L’atmosfera rimane contrassegnata da forti temporali che si susseguono senza sosta, creando una situazione meteo alquanto ripetitiva. Questo fenomeno è dovuto a una condizione di blocco atmosferico piuttosto insolita, con un’inversione di pressione rispetto alla norma. L’alta pressione si trova a nord, mentre il Mediterraneo è immerso in una vasta area di bassa pressione.

Quando parliamo di instabilità atmosferica, ci riferiamo a un tipo di tempo che cambia rapidamente nel corso della giornata. Il sole del mattino cede il passo a violenti acquazzoni temporaleschi e poi il cielo torna nuovamente sereno. Non è un caso che i temporali si sviluppino con maggiore intensità durante le ore centrali della giornata, grazie al riscaldamento solare.
In questo momento, l’instabilità atmosferica risulta particolarmente marcata soprattutto nelle regioni del Centro-Sud e nelle due Isole Maggiori, Sardegna e Sicilia. La presenza di un piccolo vortice di origine nord-africana sta alimentando ulteriormente questa situazione di instabilità nel Mediterraneo, avvicinandosi sempre di più alle coste delle suddette isole.
L’attività temporalesca interessa gran parte del territorio italiano, non limitandosi solamente alle zone interne e montuose, ma coinvolgendo anche le pianure e alcune porzioni della costa. I temporali più intensi si sviluppano nel pomeriggio, ma localmente possono verificarsi anche in serata nelle regioni settentrionali.
Anche inizio Giugno con presenza anomala di temporali
Questa fase di instabilità atmosferica sembra destinata a protrarsi per un po’ di tempo ancora.

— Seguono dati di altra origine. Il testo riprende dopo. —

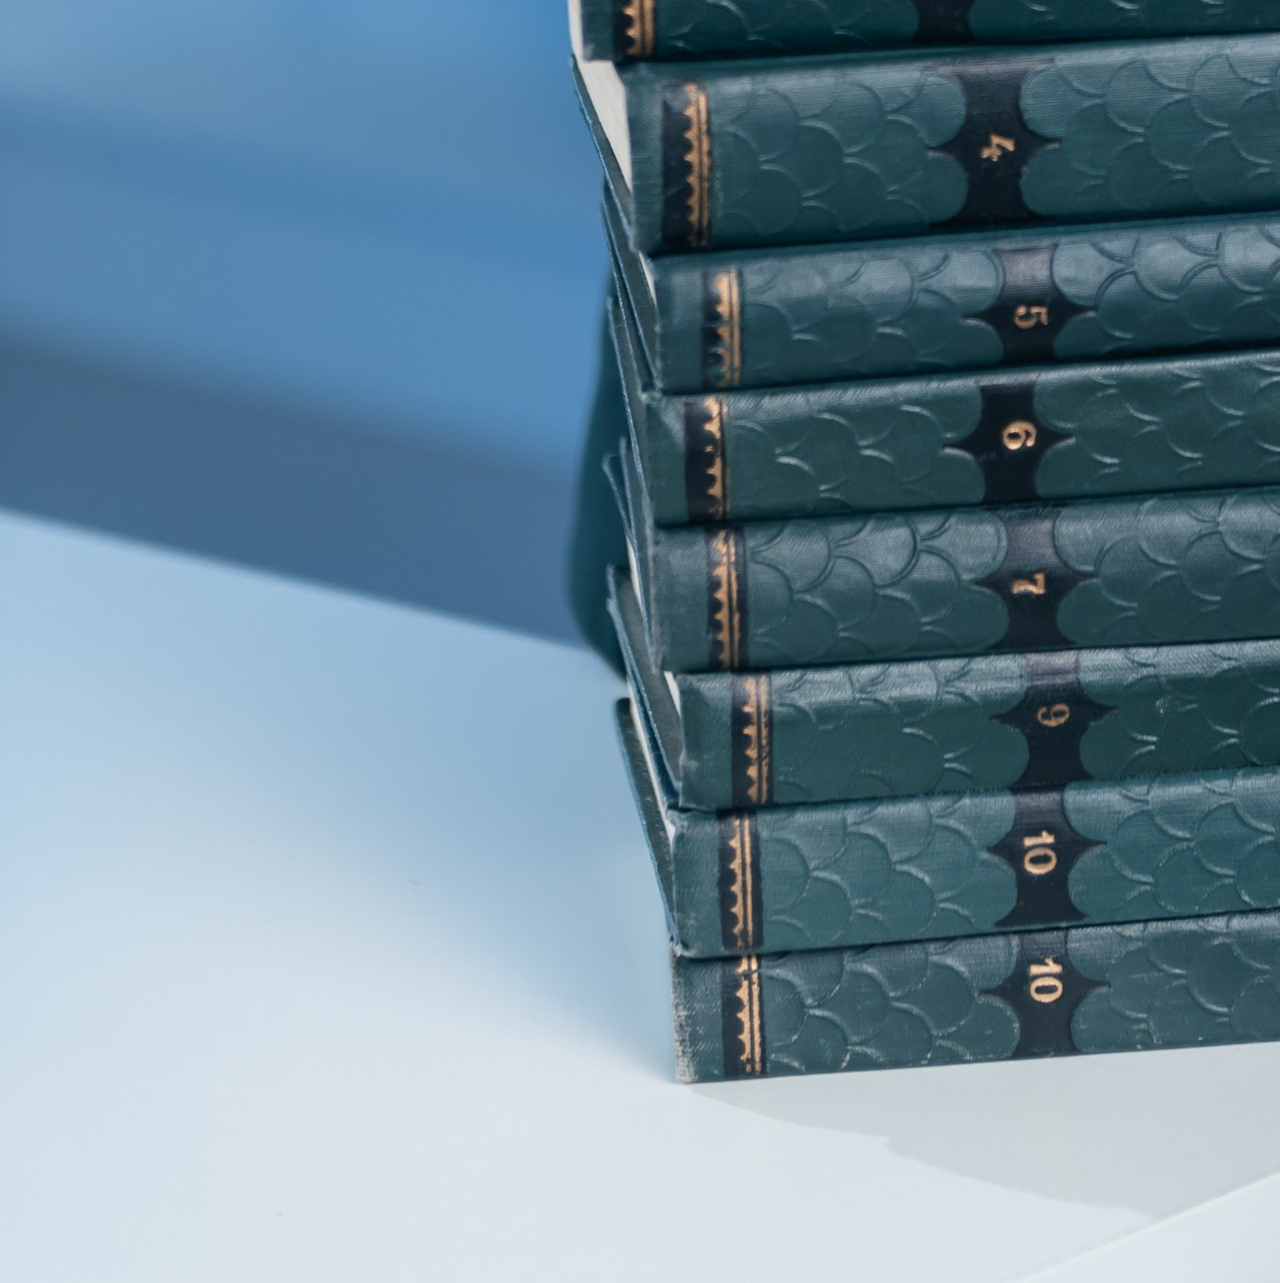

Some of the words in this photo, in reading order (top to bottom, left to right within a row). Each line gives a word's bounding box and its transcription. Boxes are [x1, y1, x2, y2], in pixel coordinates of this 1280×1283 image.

[981, 134, 1015, 160] 4
[1014, 305, 1048, 328] 5
[1002, 421, 1037, 451] 6
[1012, 572, 1045, 595] 7
[1036, 703, 1068, 727] 9
[1022, 831, 1057, 875] 10
[1029, 957, 1063, 1003] 10

L’inizio del mese di giugno seguirà lo stesso andamento, con un’instabilità più accentuata nelle regioni del Sud e nelle Isole, dove i temporali saranno più diffusi e talvolta anche violenti, soprattutto nelle zone interne.
Il lungo periodo delle festività del Ponte del 2 Giugno trascorrerà sotto l’insegna dell’instabilità diffusa e del rischio di forti temporali. L’Italia sarà probabilmente interessata da flussi d’aria fresca provenienti dal nord, che si aggiungeranno alla situazione di bassa pressione nel Mediterraneo.

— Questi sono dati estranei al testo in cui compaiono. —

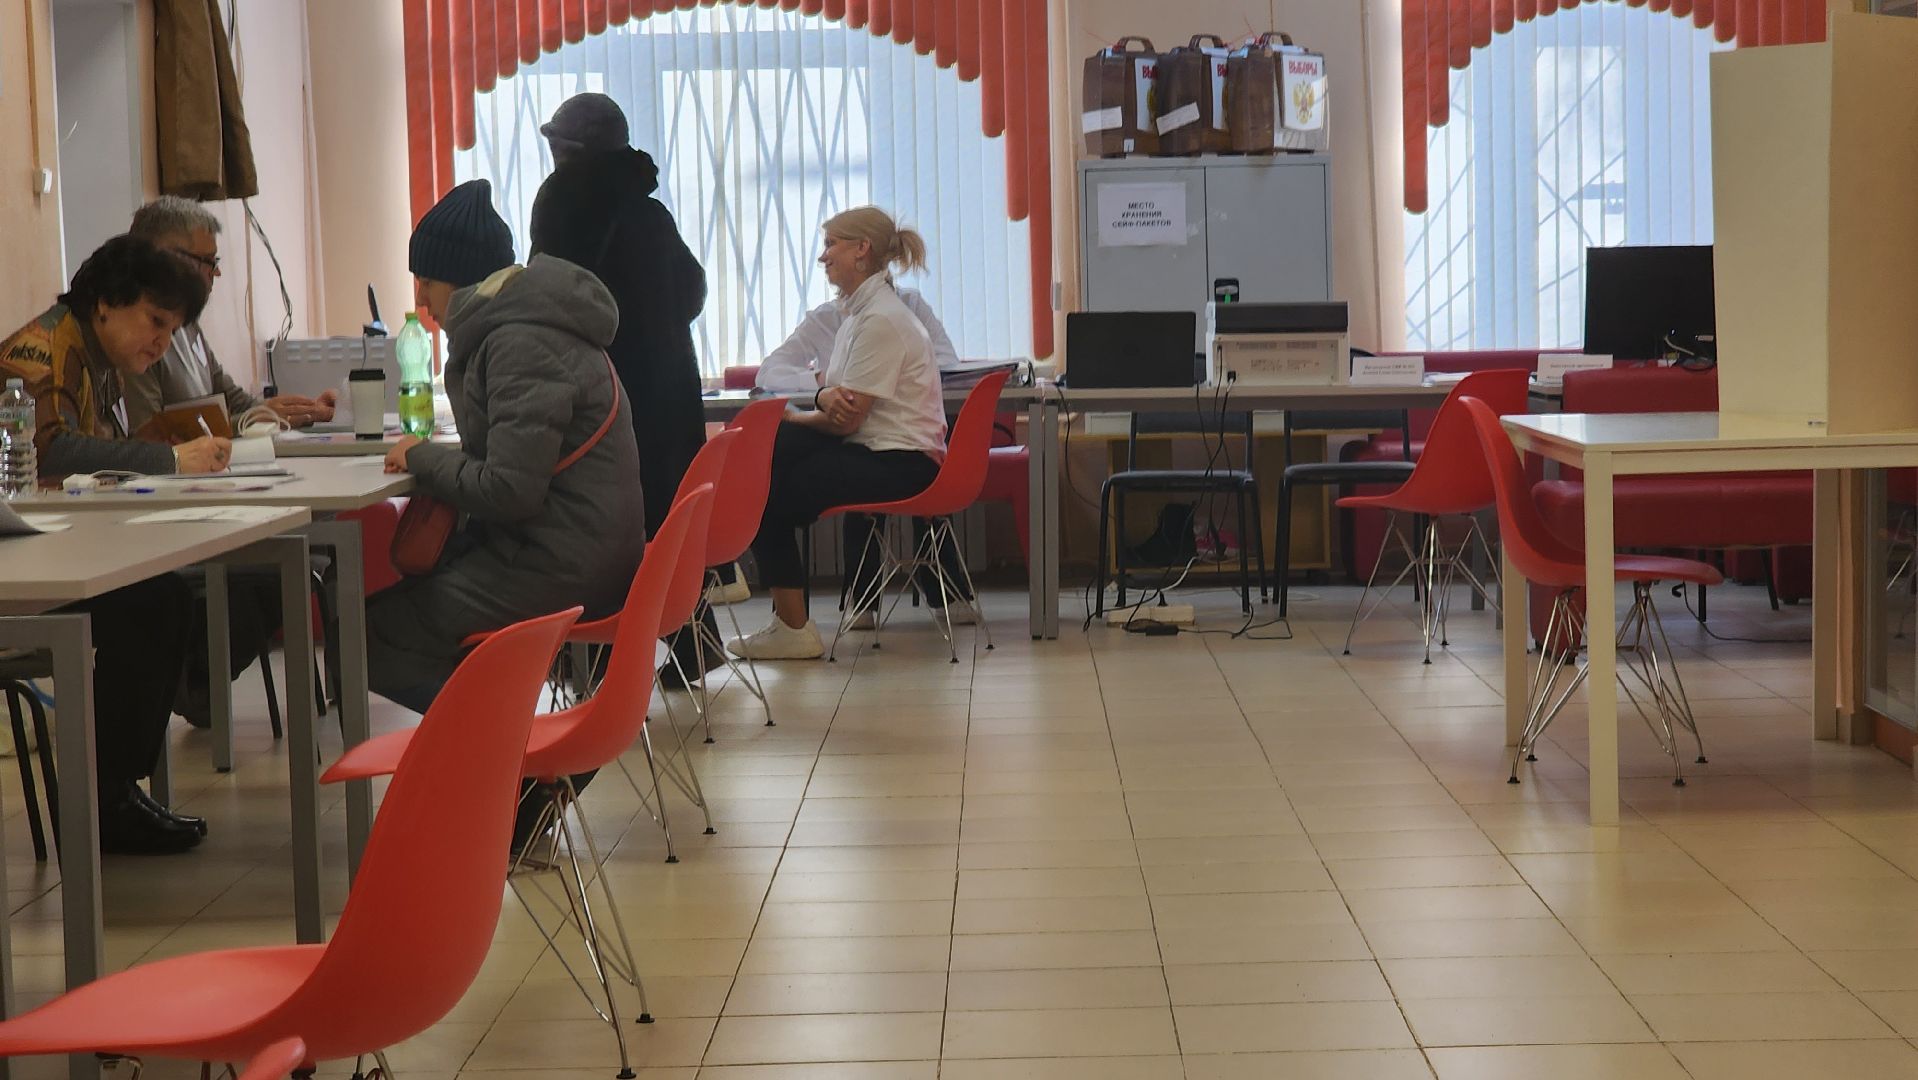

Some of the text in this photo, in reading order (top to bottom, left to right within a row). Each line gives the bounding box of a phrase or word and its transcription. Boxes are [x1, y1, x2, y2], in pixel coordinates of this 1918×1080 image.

[1288, 61, 1318, 75] ВЫБОРЫ
[1128, 202, 1155, 210] МЕСТО
[1112, 219, 1172, 228] СЕЙФ-ПАКЕТОВ

Tuttavia, è probabile che si assista a un progressivo ridimensionamento dell’instabilità atmosferica nei primi giorni della settimana successiva. L’aumento della pressione atmosferica dovrebbe limitare i temporali alle sole aree interne montuose, con fenomeni più localizzati.
L’Estate potrebbe quindi gradualmente prendere il volo nel corso della prossima settimana, con un clima più conforme alla stagione. Le temperature non subiranno tuttavia un aumento significativo e non sono attesi eccessi di calore almeno fino al 10 Giugno.
In conclusione, l’Italia continuerà ad essere bersagliata da temporali e instabilità atmosferica per un periodo prolungato. L’arrivo dell’estate potrebbe portare un graduale miglioramento delle condizioni meteorologiche, ma bisognerà aspettare ancora un po’ prima di vedere un netto cambiamento. Bisognerà fare i conti con l’instabilità ei temporali almeno per le prossime settimane.